Work to be completed: Below are some records; give them all again exactly, but not the pictures.

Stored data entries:
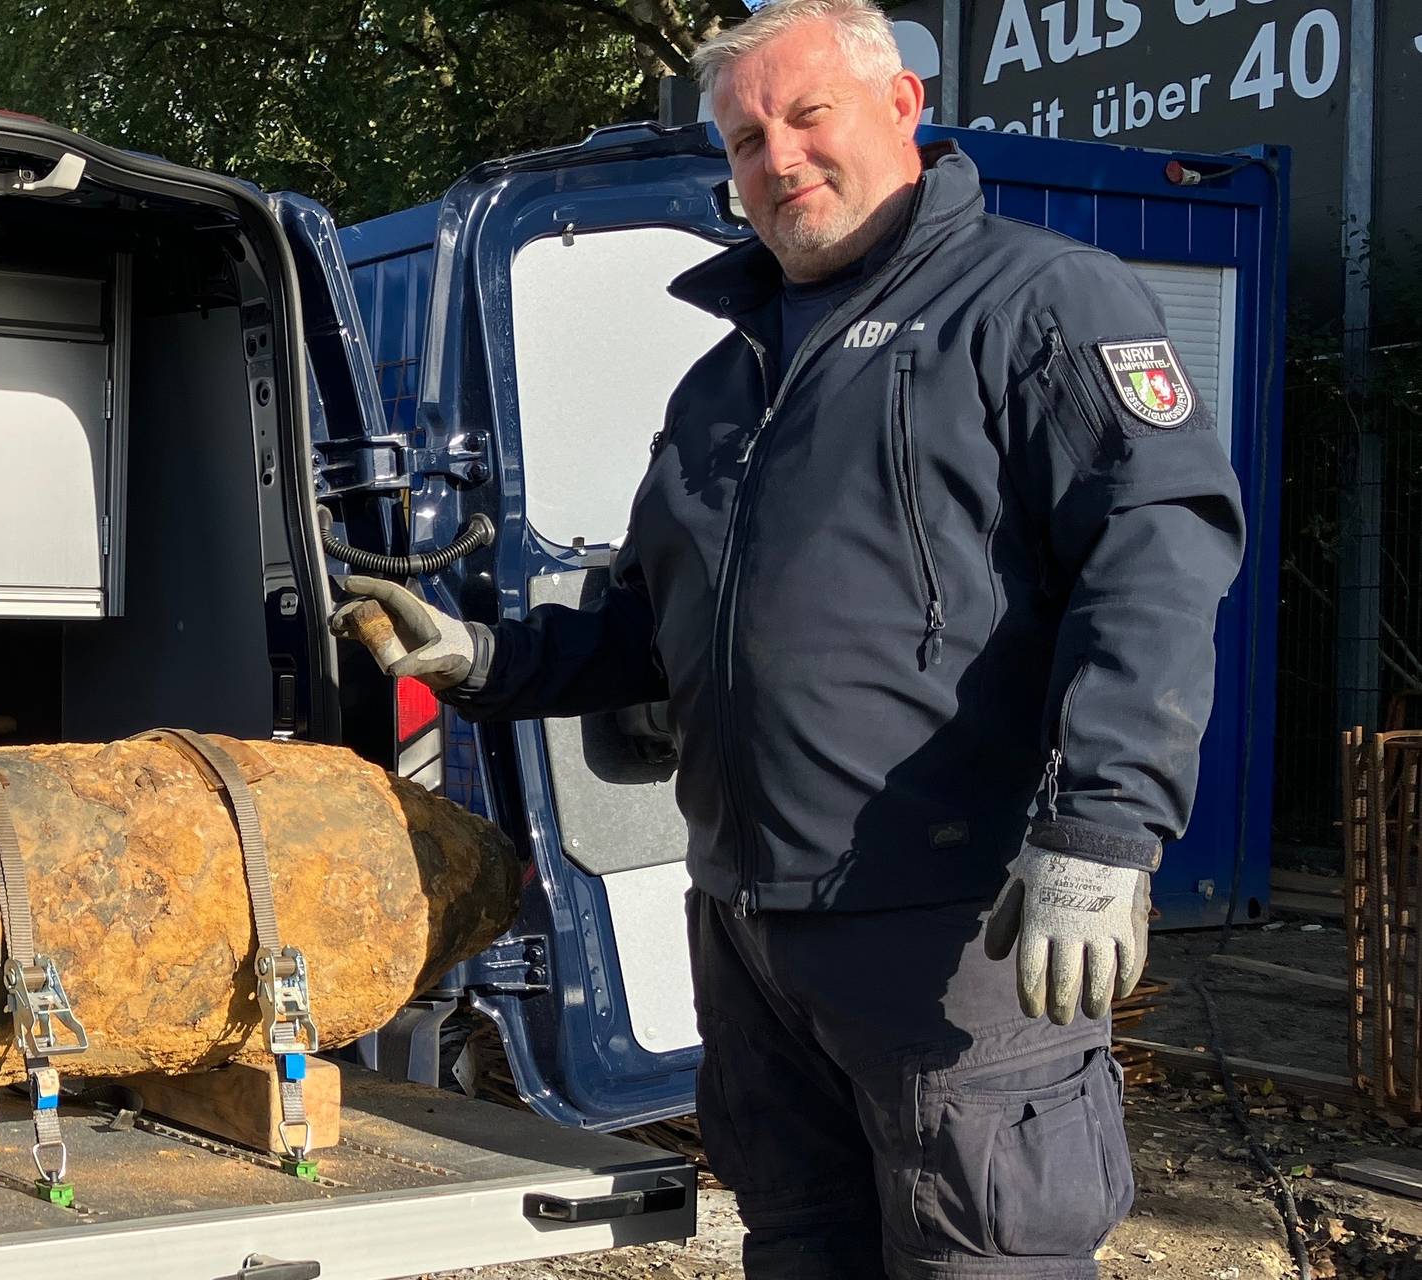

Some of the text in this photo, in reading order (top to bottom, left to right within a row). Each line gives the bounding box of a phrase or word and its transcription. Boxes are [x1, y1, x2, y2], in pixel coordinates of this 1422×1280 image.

[982, 0, 1142, 85] Aus
[1092, 73, 1211, 138] über
[1229, 8, 1341, 110] 40
[843, 320, 898, 348] KBD
[1119, 347, 1155, 361] NRW
[1124, 381, 1189, 421] BESEITIGUNGSDIENST
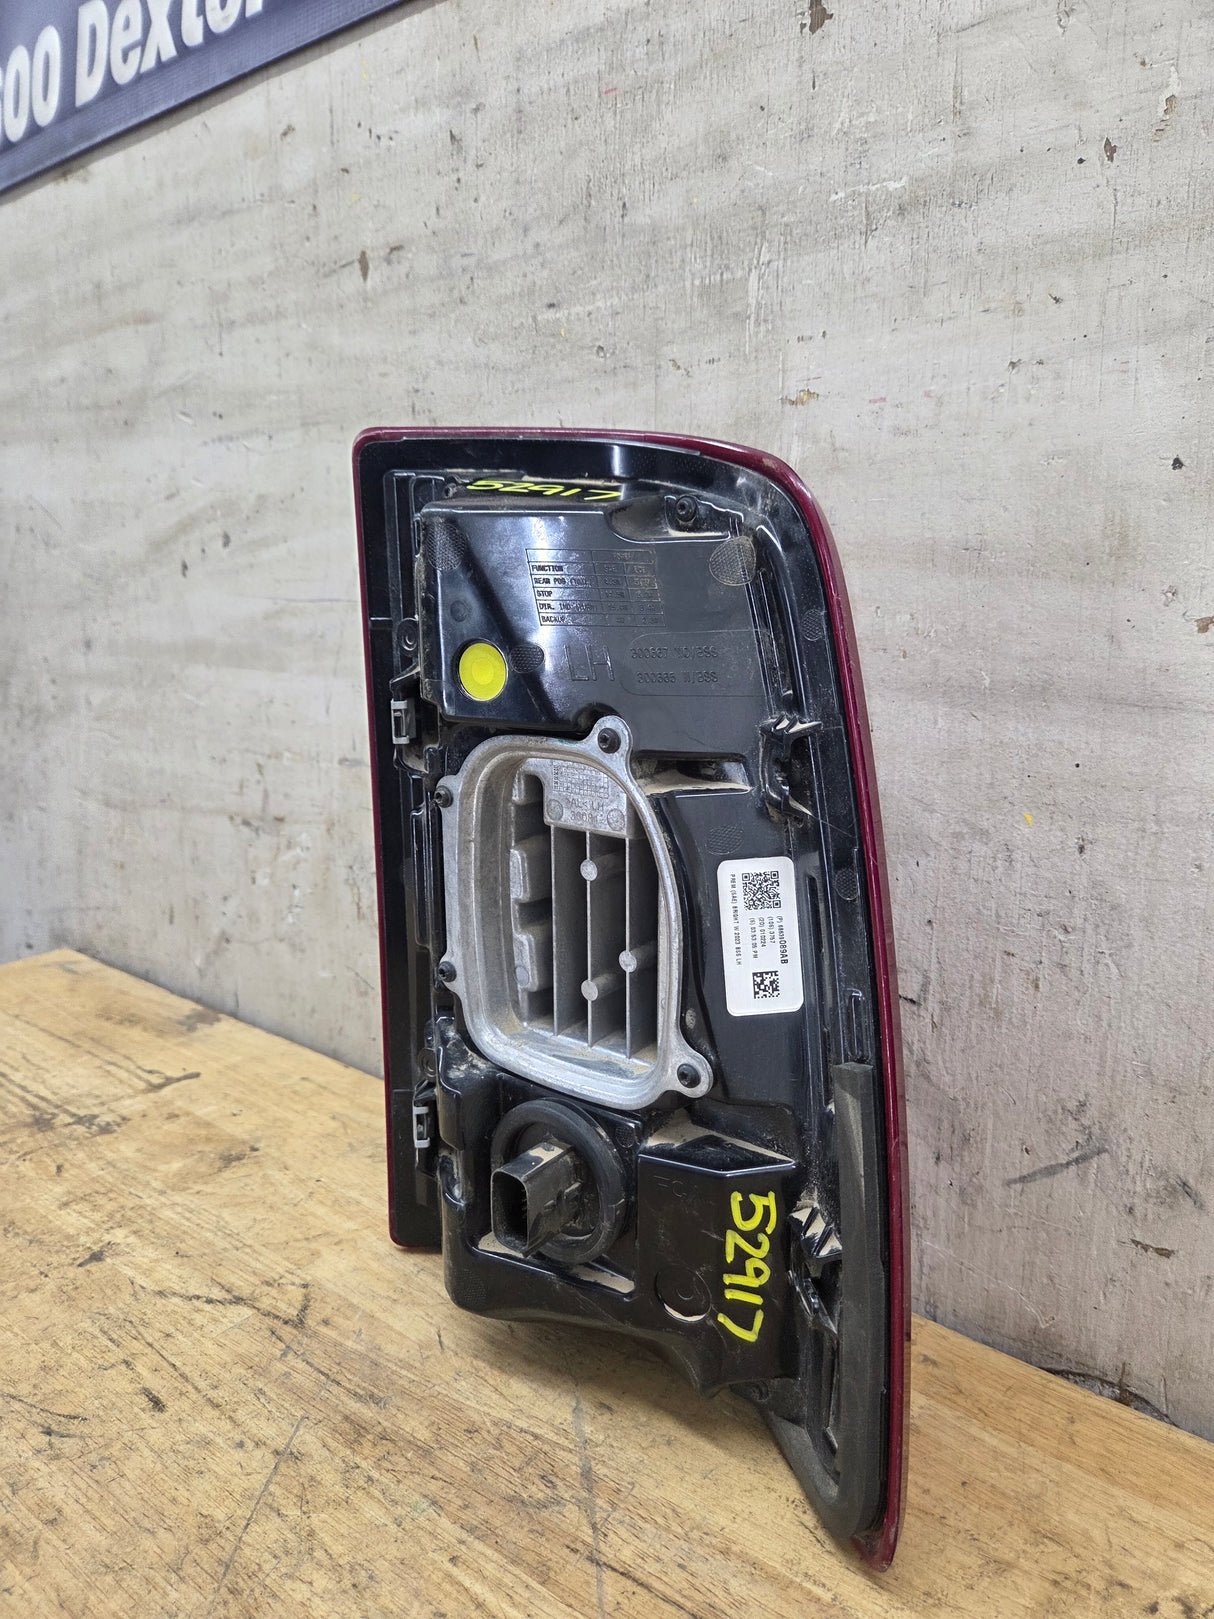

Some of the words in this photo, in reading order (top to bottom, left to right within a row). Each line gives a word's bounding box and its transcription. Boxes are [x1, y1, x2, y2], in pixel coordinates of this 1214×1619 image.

[0, 26, 62, 145] 00
[75, 0, 263, 108] Dext
[466, 480, 622, 501] 52917
[531, 565, 564, 573] FUNCTION
[536, 590, 553, 598] STOP
[717, 1190, 777, 1343] 52917

Answer below:
Some of the text in this photo, in reading order (top to bottom, left to right within a row). Each line gives the bounding box of a phrase or word and its transcription. Boxes are [x1, y1, x2, y2], in pixel coordinates of this 1422×1280 image.

[982, 0, 1142, 85] Aus
[1092, 73, 1211, 138] über
[1229, 8, 1341, 110] 40
[843, 320, 898, 348] KBD
[1119, 347, 1155, 361] NRW
[1124, 381, 1189, 421] BESEITIGUNGSDIENST

Some of the words in this photo, in reading order (top to bottom, left to right within a row). Each line gives a word's bounding box and its transcription. Boxes are [x1, y1, x2, y2], in pixel coordinates of this 1214×1619 image.

[0, 26, 62, 145] 00
[75, 0, 263, 108] Dext
[466, 480, 622, 501] 52917
[531, 565, 564, 573] FUNCTION
[536, 590, 553, 598] STOP
[717, 1190, 777, 1343] 52917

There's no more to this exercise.